Give the listing below again exactly, but without any of its pictures.

** EXCERPTED RECORDS follows **

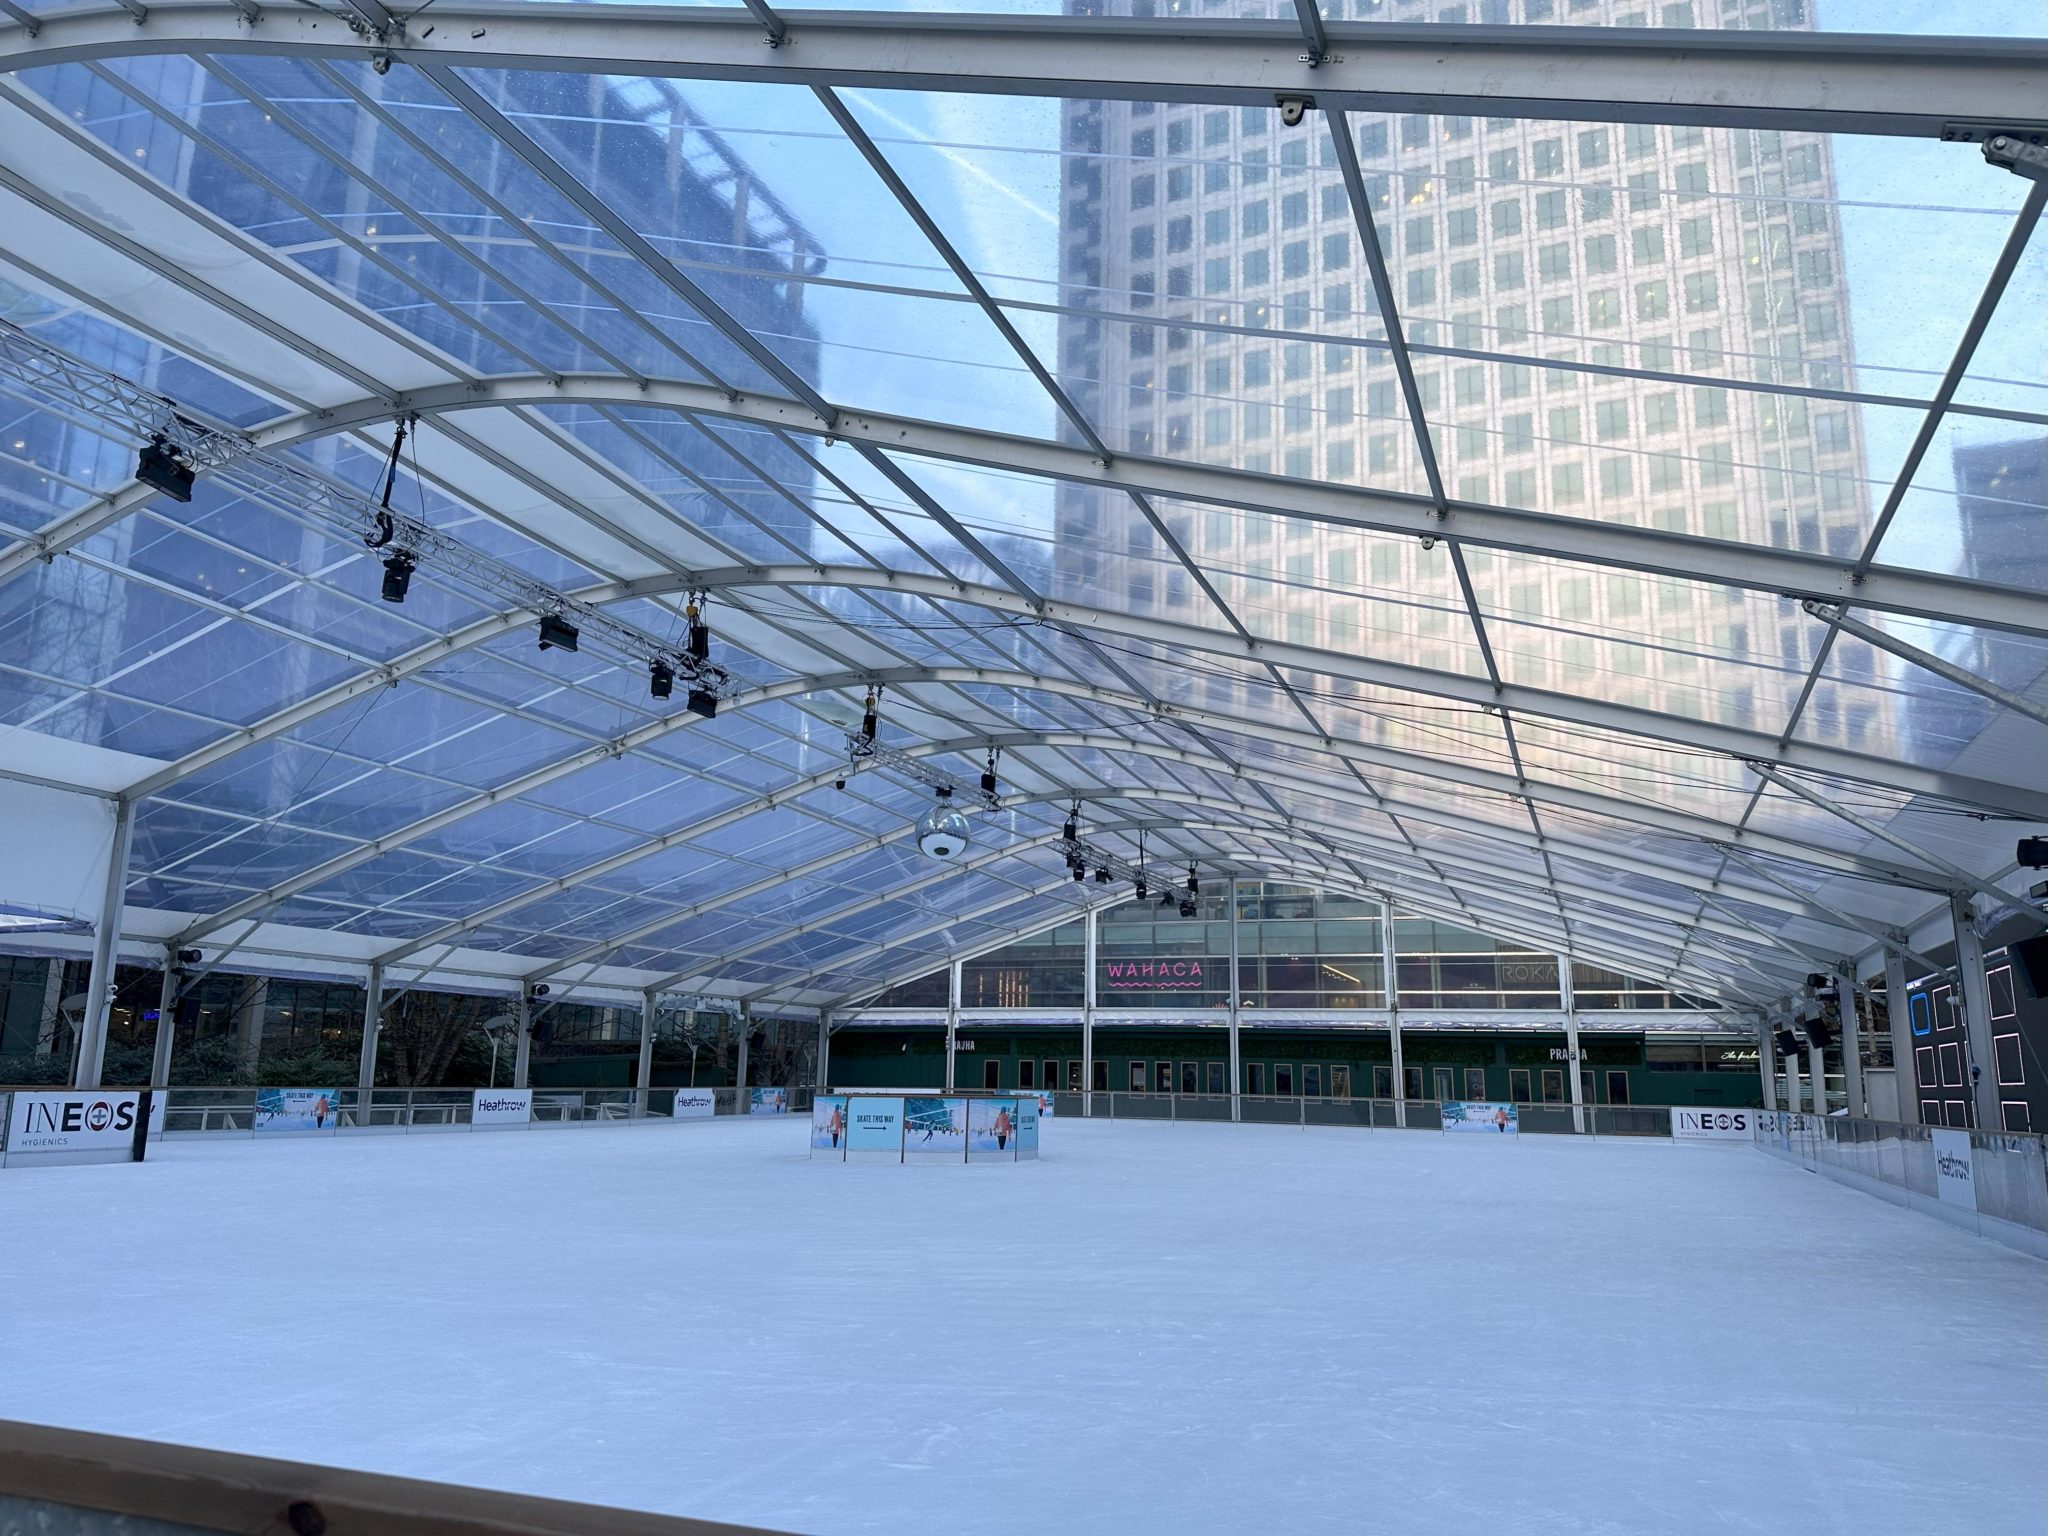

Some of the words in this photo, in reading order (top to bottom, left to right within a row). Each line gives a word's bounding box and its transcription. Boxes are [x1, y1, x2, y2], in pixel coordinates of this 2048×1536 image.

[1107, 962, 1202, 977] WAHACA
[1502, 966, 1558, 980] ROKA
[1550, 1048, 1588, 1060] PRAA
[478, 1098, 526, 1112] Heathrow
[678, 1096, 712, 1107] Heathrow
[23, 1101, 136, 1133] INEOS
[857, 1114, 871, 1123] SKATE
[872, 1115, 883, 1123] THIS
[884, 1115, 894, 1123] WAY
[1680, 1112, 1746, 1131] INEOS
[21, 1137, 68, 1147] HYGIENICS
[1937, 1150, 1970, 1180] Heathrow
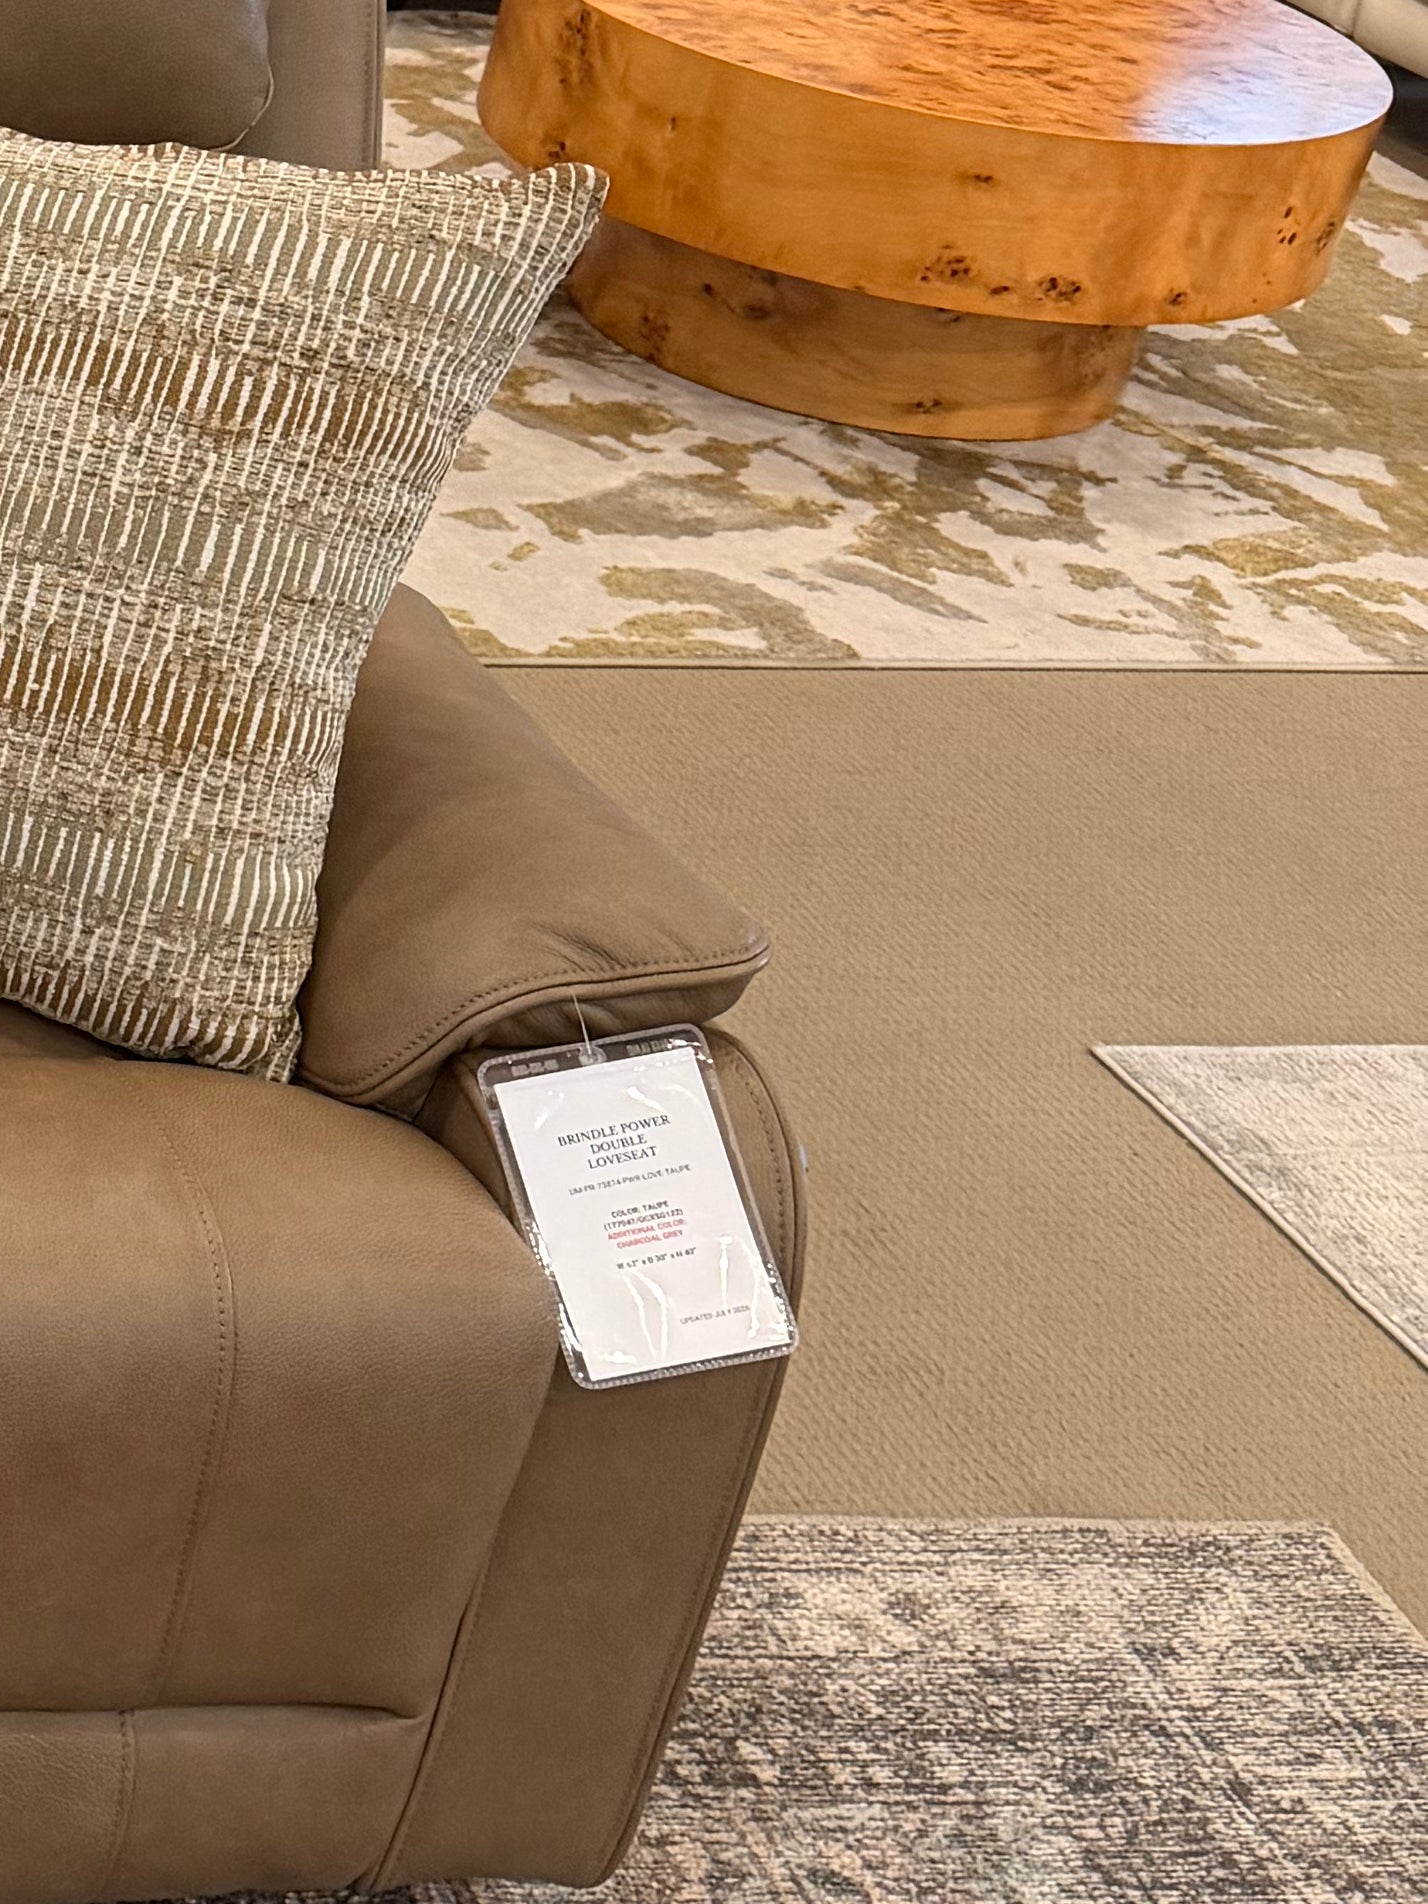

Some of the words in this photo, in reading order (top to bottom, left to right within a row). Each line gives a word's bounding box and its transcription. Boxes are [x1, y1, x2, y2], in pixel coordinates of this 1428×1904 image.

** End of EXCERPTED RECORDS **

▶ **WRITTEN REPLY**:
Some of the words in this photo, in reading order (top to bottom, left to right within a row). Each line gives a word's bounding box and its transcription. Boxes are [x1, y1, x2, y2], in pixel coordinates of this 2048×1536 image.

[1107, 962, 1202, 977] WAHACA
[1502, 966, 1558, 980] ROKA
[1550, 1048, 1588, 1060] PRAA
[478, 1098, 526, 1112] Heathrow
[678, 1096, 712, 1107] Heathrow
[23, 1101, 136, 1133] INEOS
[857, 1114, 871, 1123] SKATE
[872, 1115, 883, 1123] THIS
[884, 1115, 894, 1123] WAY
[1680, 1112, 1746, 1131] INEOS
[21, 1137, 68, 1147] HYGIENICS
[1937, 1150, 1970, 1180] Heathrow

Some of the words in this photo, in reading order (top to bottom, left to right within a row). Each line gives a word's bounding box and its transcription. Boxes are [x1, y1, x2, y2], in pixel coordinates of this 1428×1904 image.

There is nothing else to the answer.